Rana fingered the memory strip in her pocket. It was too small to hold a phero patch. But what if they'd sprayed it with pheros as a matter of course?

Security was tight here, but
that
tight?

Frantic thoughts crowded her mind. The overstaffed facility seemed utterly disorganized; such a subtle measure didn't seem likely. But she remembered an old rumor about a creeper security nano that Imperials unleashed on top secret bases. Something that propagated slowly, phero-marking each machine and human it came into contact with, so that everything could be tracked from a central station. The idea had seemed fantastic at the time, the paranoia of low-level workers.

But now it seemed just barely possible.

The crowd was pressing her impatiently from behind. One of the guards at the sniffer, a marine in Imperial black, was looking at Rana with vague interest as the other workers flowed around her. She ordered herself to move forward; there was no escaping the sniffer without calling attention to herself.

But her feet would not move. She was too afraid, too tired. It was too much to ask.

She remembered boarding the maglev on the way here, her hesitation before climbing the stairs. That old paralysis—the old Rana Harter—had returned with a vengeance.

The marine rose from his stool, eyeing her suspiciously.

Move!
Rana commanded herself. But she remained put.

Then a glint of metal caught her eye. Down the sniffer hallway before her, Rana saw the flash of an officer's badge.

It was Herd, wearing her militia colonel's uniform, beckoning her forward.

At that sight, the panic that had held Rana fast was suddenly broken. She moved toward the sniffer, knowing Herd would protect her, would return her to happiness.

Rana Harter stepped into the sniffer, and was for a moment alone, separated from the press of bodies.
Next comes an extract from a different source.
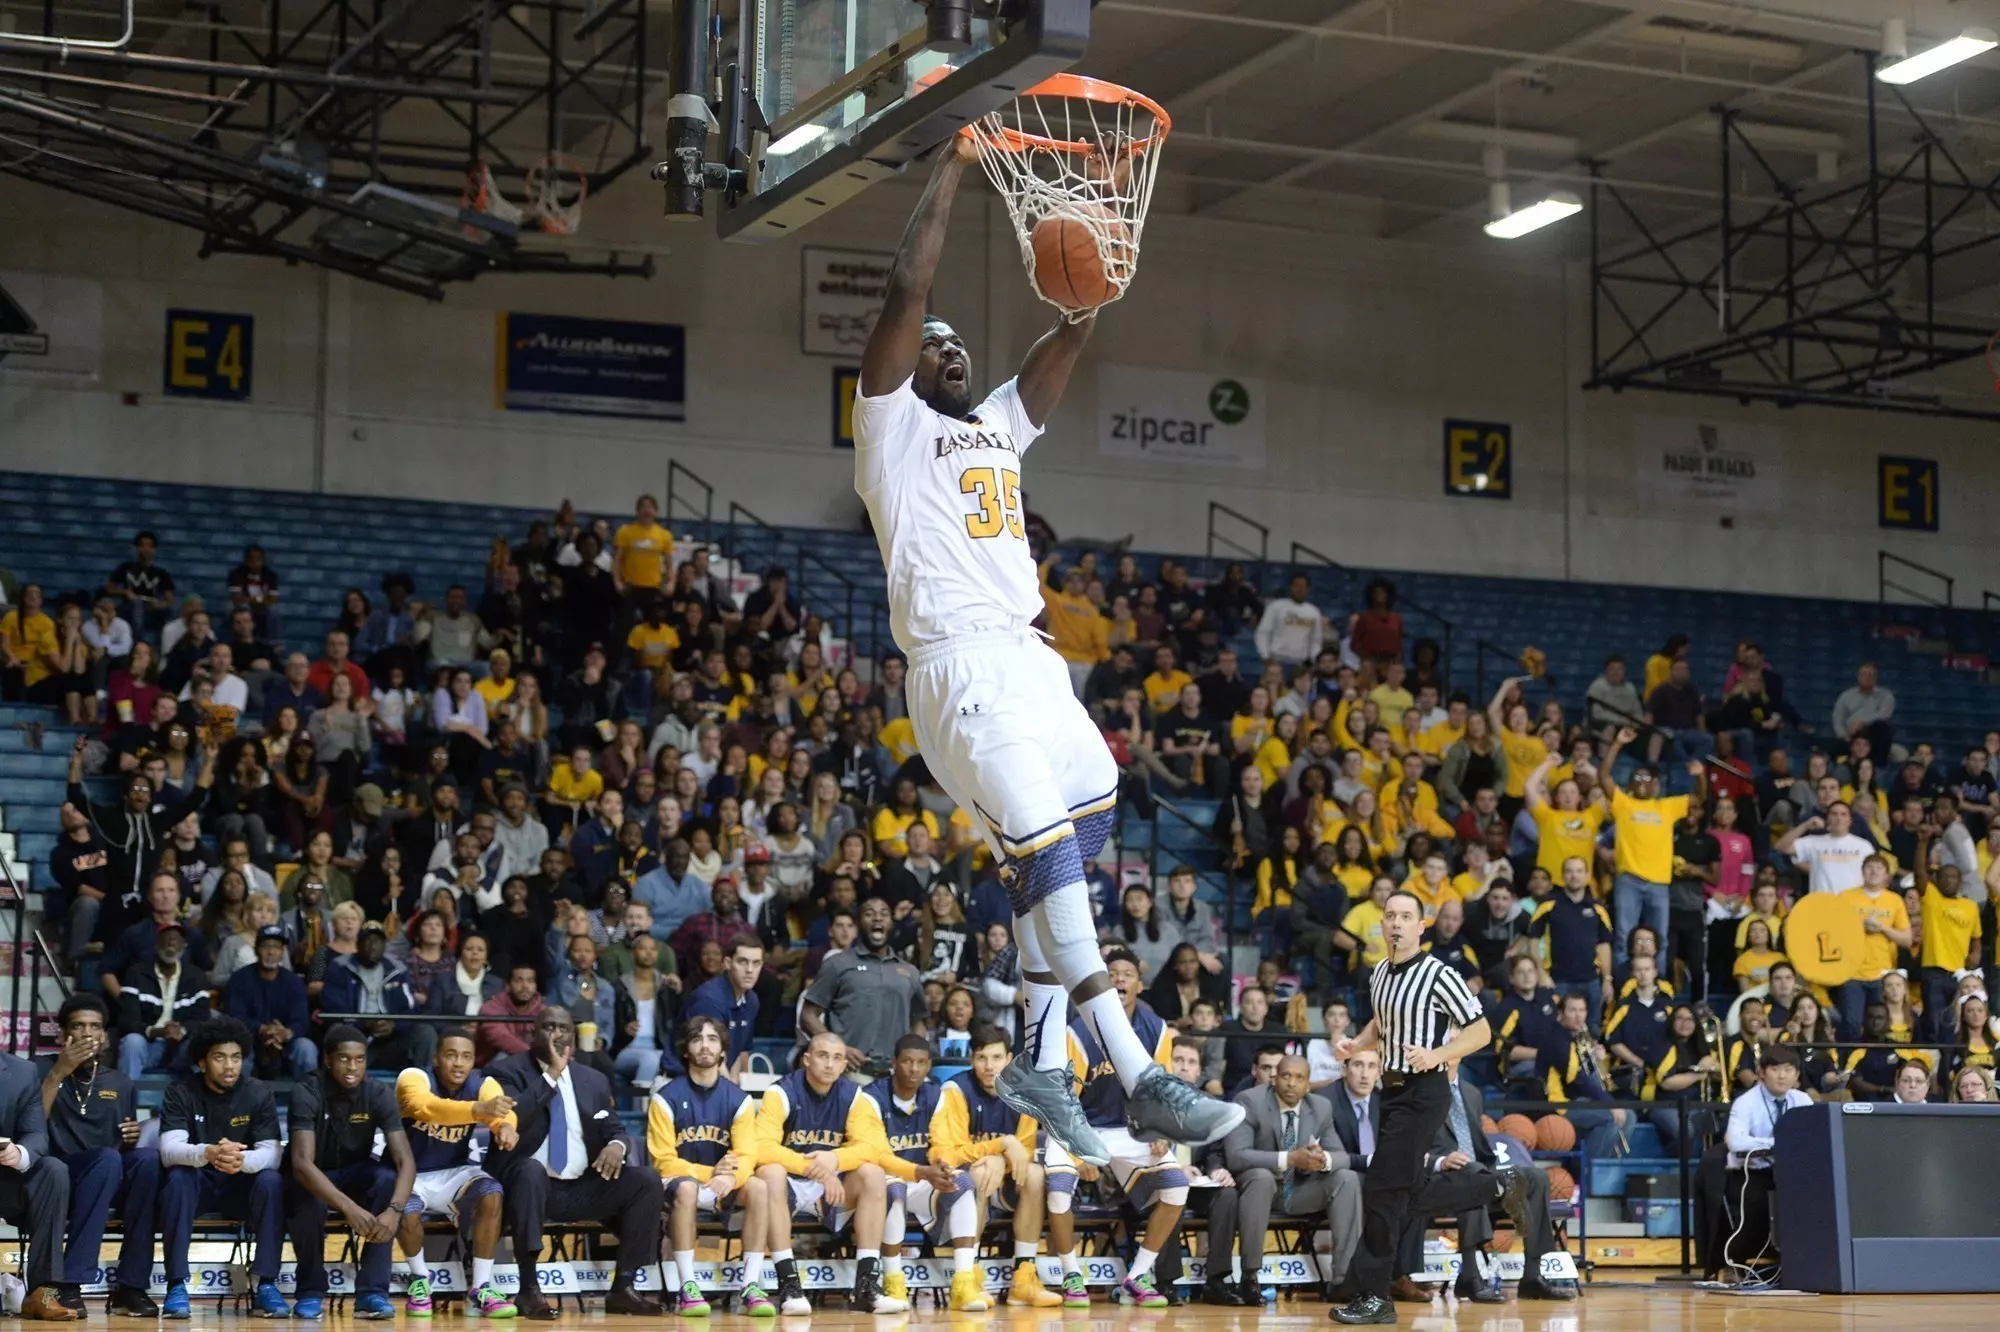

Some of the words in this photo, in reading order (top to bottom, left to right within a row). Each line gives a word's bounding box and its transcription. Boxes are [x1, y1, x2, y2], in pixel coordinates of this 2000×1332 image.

The updraft took away the rancid smell of the crowd.

Then a siren began to scream, so loud that in Rana's synesthesia it became a towering cage of fire around her, as blinding as the sun on lidless eyes.

EXECUTIVE OFFICER

The conspirators met in one of the zero-gee courts that surrounded sickbay. The courts were empty, of course, being unusable under high acceleration. The mere notion of playing rackets or dribblehoop in this unstable gravity made Hobbes's knee ligaments ache.

There were only five conspirators present, including herself. Hobbes had expected more, actually. Five didn't seem enough of a critical mass to warrant plotting a mutiny. There must be more, but Thompson wasn't tipping his hand yet. No doubt some of his cards were in reserve.

She knew all those present: the ringleader Second Gunner Thompson; Yen Hu, another young officer from gunnery; Third Pilot Magus, her face sour and strained; and one of the communications ensigns, Daren King. Apparently, this was no crewman's mutiny. Everyone here had stars on their uniform.

They all seemed relieved when she walked in. Perhaps as the ship's second-in-command, Hobbes somehow validated the enterprise.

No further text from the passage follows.